2. Never believe their criticism of you. Most importantly take the time to heal, on your own, the parts of you that accept that criticism. While you are in the healing process, create boundaries to maintain a space for you to get stronger. Keep communication limited and business-like about the children. Do NOT add fuel to the fire.
3. Realize that you are never going to be able to change his view of you. Or get his approval...once you are out of his life you have no value. Start working on loving yourself again, or maybe for the first time in your life. Start taking action on affirming your new beliefs and working towards a better future rather than worrying about his skewed opinions of you
4. In co-parenting situations, work on strengthening YOUR relationship with the kids. And don’t worry about his relationship with them. Children are smart and they know the difference between truth and manipulation at a deep level. Work on creating safe and trusting bonds with them so they have at least one reliable parent who is putting their needs first.
5. Set firm boundaries and keep your emotions in check so you don’t end up wasting thousands of dollars in court. They may threaten to “destroy” you when you start to stand up for what you and your children need to move forward. They may threaten to take your kids away or never give you a penny in child support or alimony. This is why it can sometimes be necessary to utilize the law...it is made to protect you and the children so you can move on. But don't spend unnecessary time or money acting from your own hurt, trying to get back at them for their treatment of you. This serves no one.
Please remember that there are only two ways to view this and any challenging transition in your life...it is either your peril or your greatest gift to grow. Because it can seem that you are the victim in these situations, it’s important to reframe the situation. Acknowledge that the truth is you are being presented with an opportunity to grow and heal at a very deep level. You are becoming stronger and more resilient as you disengage from believing anything your ex says or believes about you.
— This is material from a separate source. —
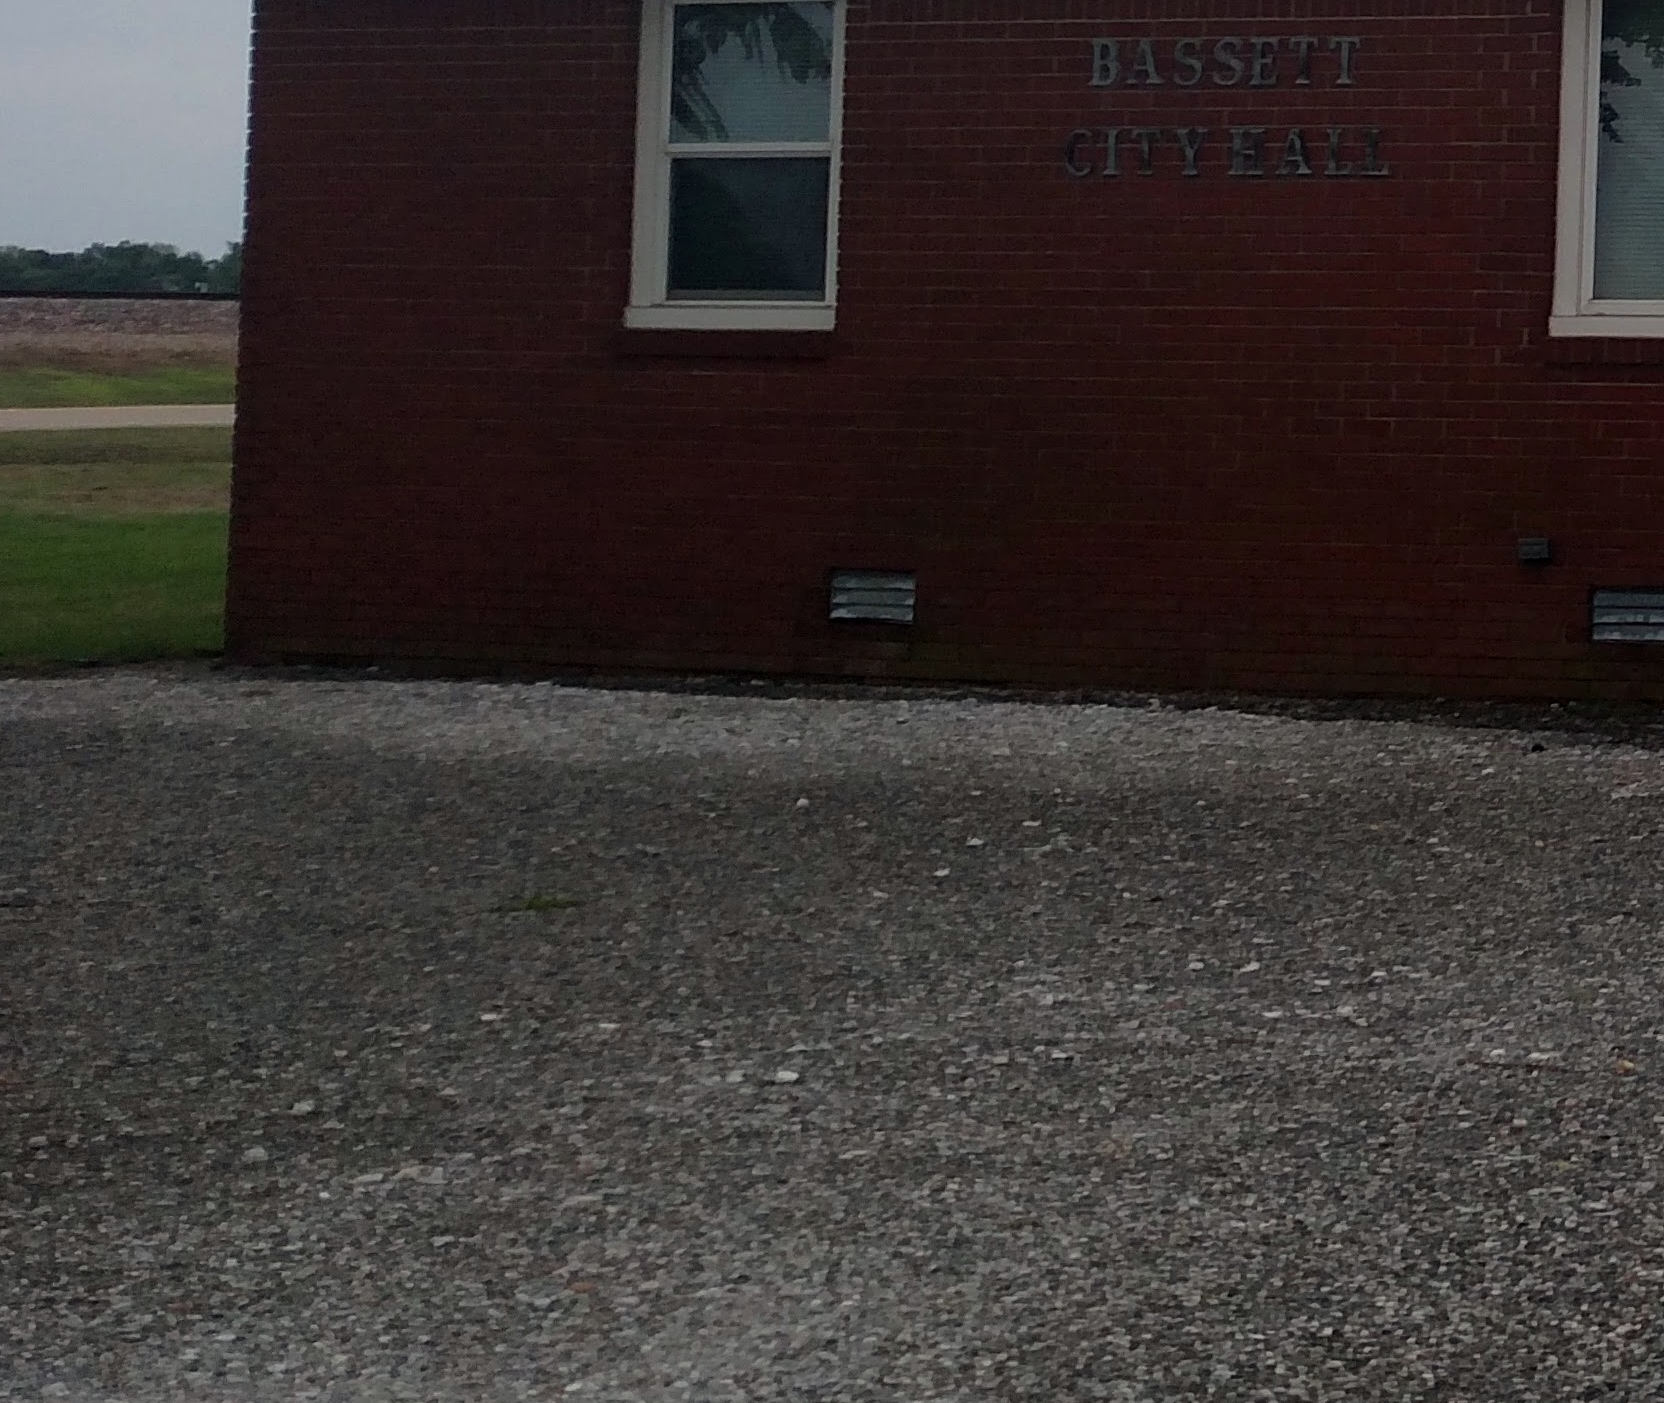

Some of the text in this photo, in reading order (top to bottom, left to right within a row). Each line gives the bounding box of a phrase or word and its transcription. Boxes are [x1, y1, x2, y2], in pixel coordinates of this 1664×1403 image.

[1088, 36, 1361, 87] BASSETT
[1064, 126, 1391, 177] CITY HALL
Once you get the deeper learnings from this situation, you will attract much healthier relationships in the future. But you MUST be willing to get the lesson and do the inner work and practices to change your own sense of self-worth so that you don’t continue to recreate these types of relationships in your new life.
The grieving and rebuilding process can be challenging and have its ups and downs, so make sure you have the tools that support you through all of the difficult emotions that come with endings of this nature.
It can be helpful to write a letter of forgiveness to your younger self so that you begin to release the emotional ties to your ex and your old life together. And, as you move through the process of disengaging, keep loving the parts of you that still believe the negative things he/she says about you. Over time, you WILL heal. Get support in this process from an understanding coach who has been through it and/or a therapist.
You had a relationship with someone who didn’t affirm your value in the past, but as you heal from this process, you will be giving yourself the biggest gift of self-love and self-respect, which is vital to attracting new situations and relationships that support you as you move forward on your journey into your post-divorce life.